Vladimir Vladimirovich Kara-Murza jr, per così dire, è figlio d'arte. Anche il padre Vladimir era un dissidente, che rischiò di essere espulso dall'Università di Mosca per aver sfregiato delle immagini di Brezhnev. Suo figlio, ricoverato da martedì sera in rianimazione a Mosca per una insufficienza renale dalle origini poco chiare, rischia molto di più. È tra la vita e la morte, dice il padre: «La situazione è più seria di quanto pensassimo», ammette mentre la moglie di Vladimir, Evghenija, parla di «sintomi da avvelenamento» e insiste per trasferire il marito in Europa o in Israele: «In Russia è in pericolo». Anche i colleghi del 34enne Kara-Murza, instancabile attivista dell'opposizione, non esitano a pronunciare la parola “veleno”, su cui il padre invece resta prudente. Vuole vedere prima il figlio guarire: «Poi penseremo alle cause», dice.
Storico, politico, giornalista, Vladimir Kara-Murza è coordinatore di Open Russia, il “movimento sociale” fondato da Mikhail Khodorkovskij dal suo esilio in Svizzera, ed è uno dei dirigenti di RPR Parnas, il partito di Boris Nemtsov. Se i medici del 1° Ospedale Pirogov di Mosca ora parlano di intossicazione, alludono forse a una dose eccessiva degli antidepressivi che Kara-Murza avrebbe iniziato a prendere dopo la morte dell'uomo che aveva sempre al suo fianco. Nemtsov è stato ucciso il 27 febbraio scorso davanti al Cremlino.

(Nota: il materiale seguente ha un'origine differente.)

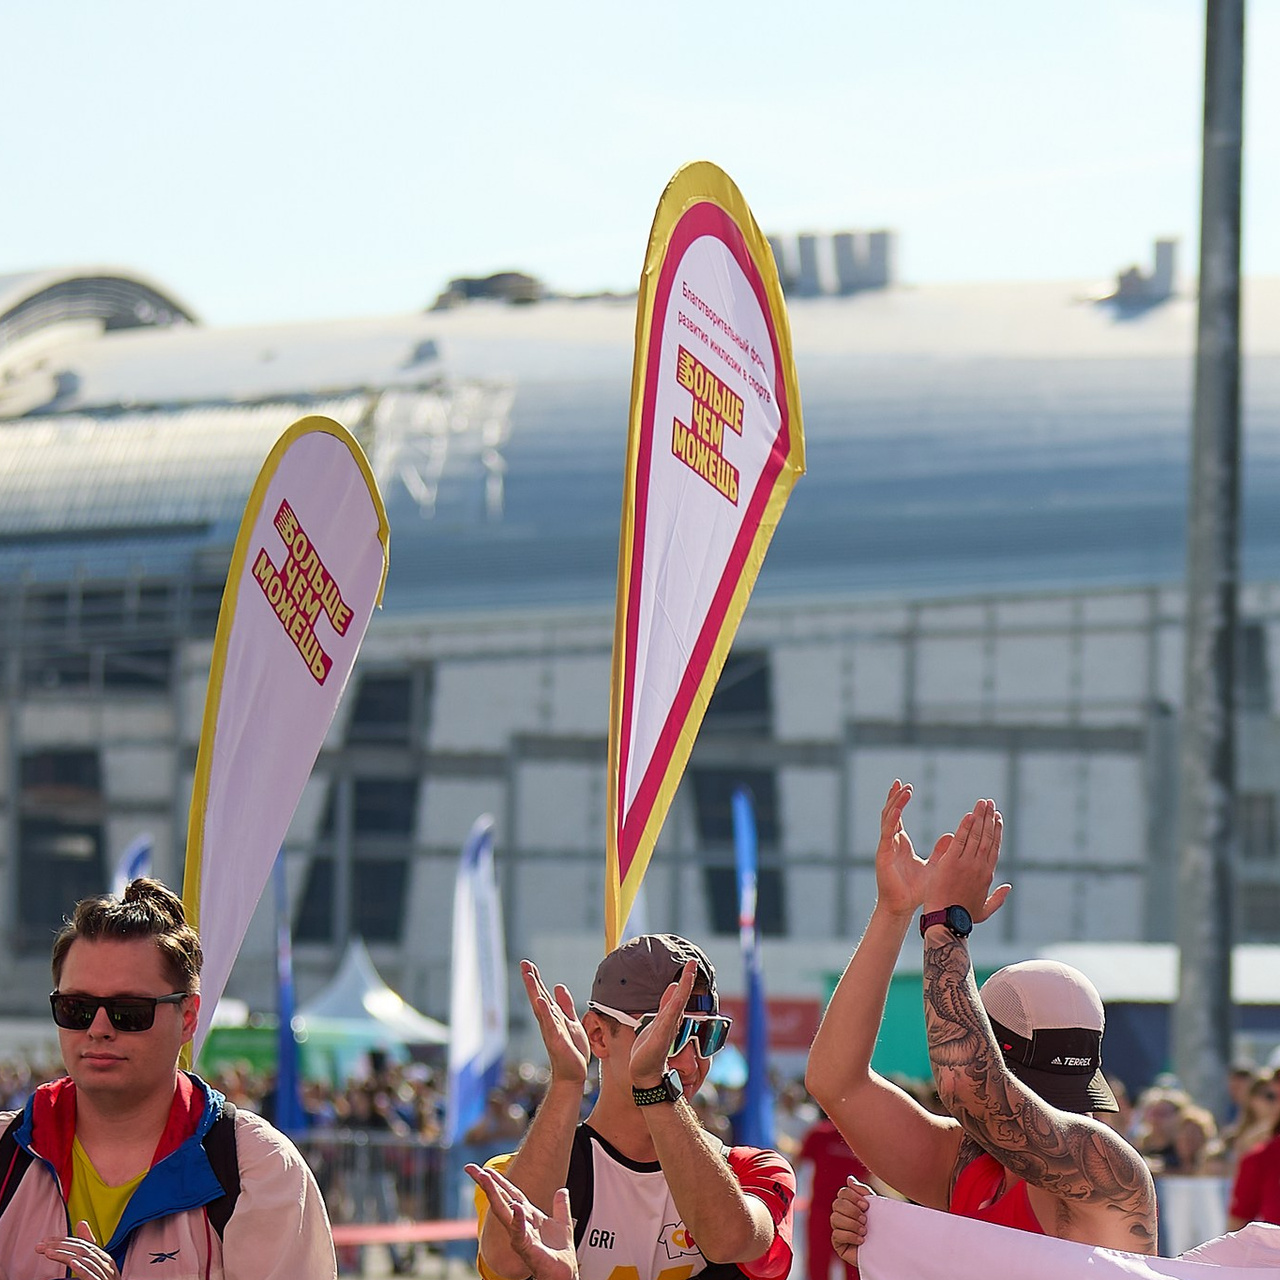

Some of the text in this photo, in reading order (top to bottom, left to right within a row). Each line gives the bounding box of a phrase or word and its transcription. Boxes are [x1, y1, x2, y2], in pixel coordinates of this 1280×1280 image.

[678, 311, 709, 346] развития
[710, 339, 742, 377] инклюзии
[748, 375, 772, 403] спорте
[682, 281, 749, 356] Благотворительный
[679, 351, 744, 434] БОЛЬШЕ
[693, 399, 724, 453] ЧЕМ
[673, 420, 739, 503] МОЖЕШЬ
[276, 506, 351, 634] БОЛЬШЕ
[285, 557, 322, 626] ЧЕМ
[253, 552, 327, 681] МОЖЕШЬ
[1063, 1057, 1092, 1067] TERREX
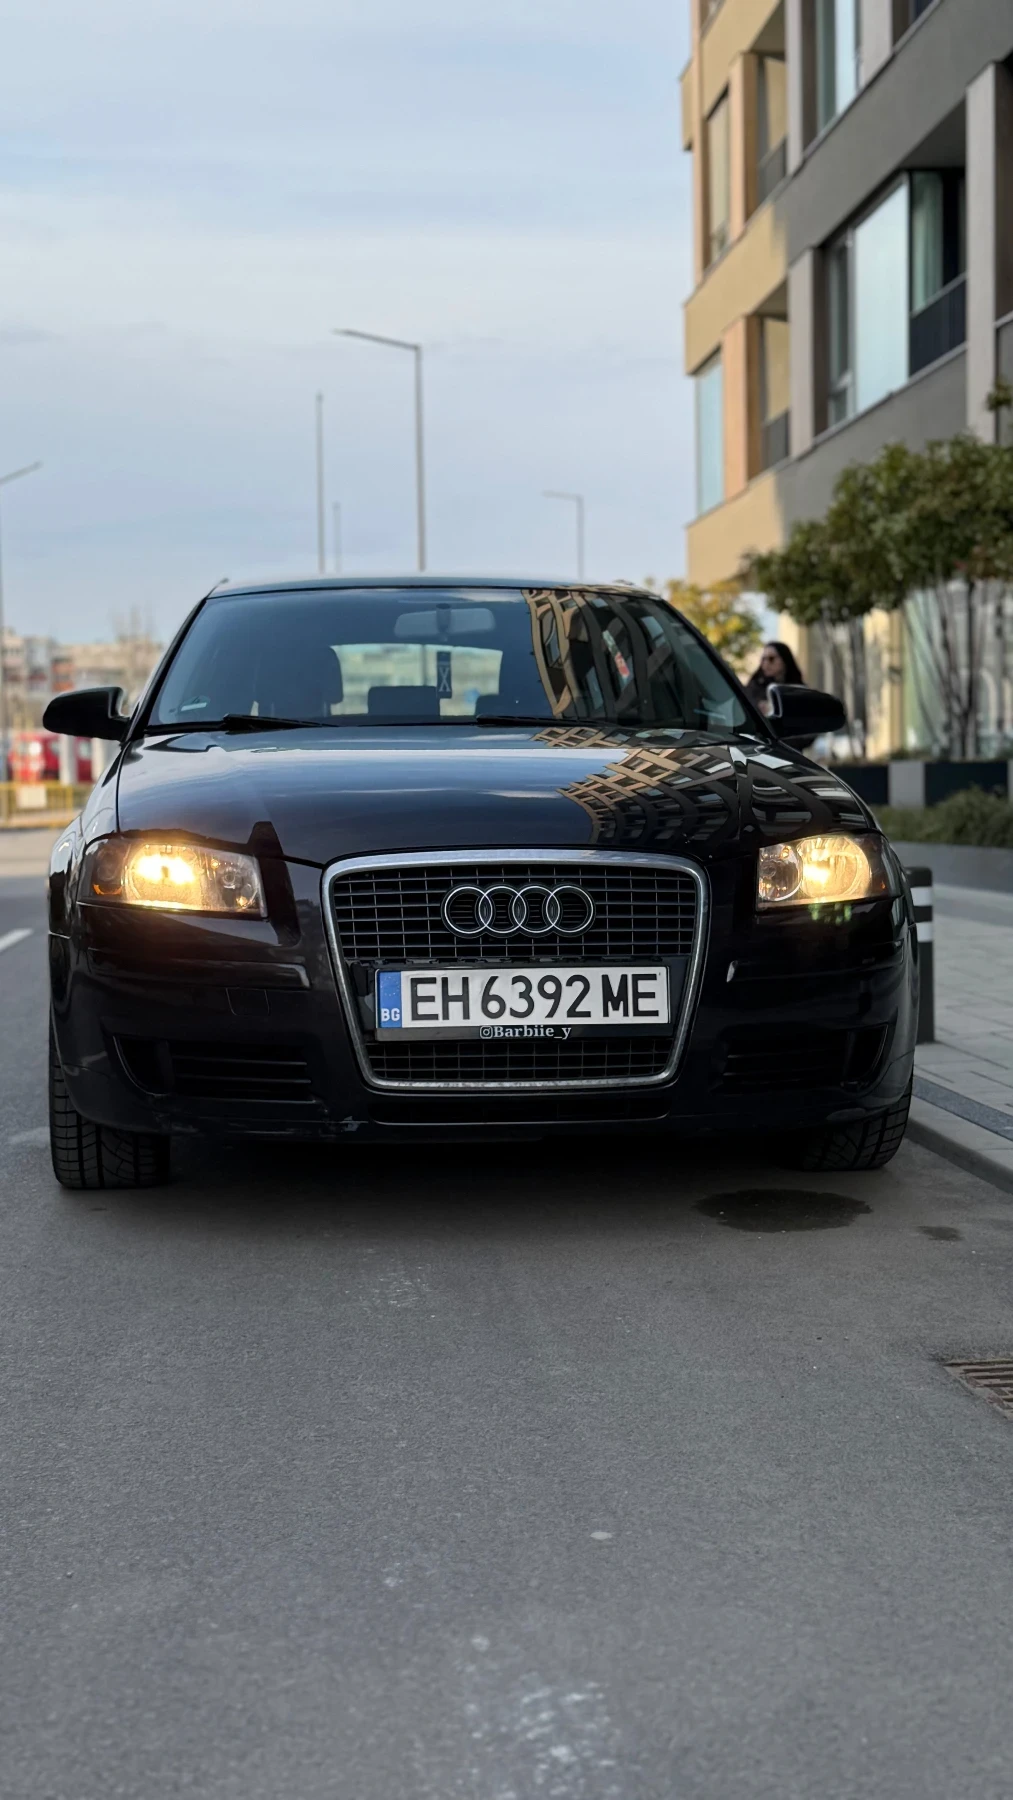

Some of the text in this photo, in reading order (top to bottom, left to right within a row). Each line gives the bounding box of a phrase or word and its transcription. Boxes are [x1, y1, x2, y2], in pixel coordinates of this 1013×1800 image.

E nel mistero che circonderà le ragioni della malattia di Kara-Murza, finché non saranno chiarite, gli attivisti dell'opposizione russa ricordano che Volodia si è sentito male il giorno successivo alla presentazione di un film-documentario, “La Famiglia”, prodotto da Open Russia: un atto di accusa nei confronti di Ramzan Kadyrov, signore della Cecenia. In una spettrale luce sanguigna, il film inizia mostrando Kadyrov mentre parla ai suoi 80mila combattenti, nello stadio di Grozny: «Noi siamo l'armata di Vladimir Putin – scandisce il presidente ceceno -. Se arriverà l'ordine, lo proveremo con i fatti». Il documentario racconta poi le testimonianze agghiaccianti delle torture e gli abusi subìti nel regime di Kadyrov, la corruzione e i furti dal budget federale.
Vladimir Kara-Murza è però anche tra i coraggiosi che, dopo la morte di Nemtsov, hanno concluso il suo ultimo lavoro: un rapporto sulla presenza di soldati russi in Ucraina. L'unico modo, sosteneva Nemtsov, per mettere fine alla propaganda ma soprattutto «a questa guerra tra i nostri due popoli, mostrando come Putin l'ha iniziata: questo è il vero patriottismo». Il rapporto, presentato il 12 maggio scorso a Mosca, sulla base delle testimonianze raccolte calcola che in questi mesi i soldati russi rimasti uccisi in Ucraina sono almeno 220. Diecimila, quelli che si suppone siano presenti nel Donbass, inviati a combattere senza ordini ufficiali o dopo essere costretti a dare le dimissioni, dal momento che Mosca nega la propria presenza militare laggiù. Uomini senza mostrine e armamenti senza insegne, come quelli che l'agenzia Reuters scrive di aver visto ammassare in questi giorni ai confini tra Russia e Ucraina.
Le indagini sull'assassinio di Nemtsov si trascinano senza che qualcuno speri possano davvero arrivare a scoprire il mandante dell'omicidio. Nel frattempo, il Cremlino ha trovato un altro sistema per tappare la bocca a chi volesse parlare delle morti in Ucraina. Con una serie di emendamenti alla legge sui segreti di Stato, un decreto del presidente ha inserito tra questi le morti di soldati russi avvenute in tempo di pace, non solo in guerra. Un avvertimento agli attivisti, ai politici e ai giornalisti, come alle famiglie costrette a seppellire i caduti in segreto, in tombe senza nome.
Ma per essere dimenticati, non c'è bisogno di morire. Come sanno Aleksandr Aleksandrov e Evghenij Erofeev, catturati dalle forze ucraine presso Luhansk il 16 maggio scorso. «Sono un sergente dell'esercito russo», ammette Aleksandrov in una registrazione spiegando di non aver mai lasciato le forze armate russe. Al contrario della posizione ufficiale russa, dice il suo avvocato Konstantin Kravchuk, secondo la quale i due militari sono mercenari e «con l'esercito russo non hanno più niente a che fare, dal momento che il loro contratto sarebbe scaduto in dicembre». E ora, raccontano i due soldati, alle loro telefonate da casa nessuno risponde più.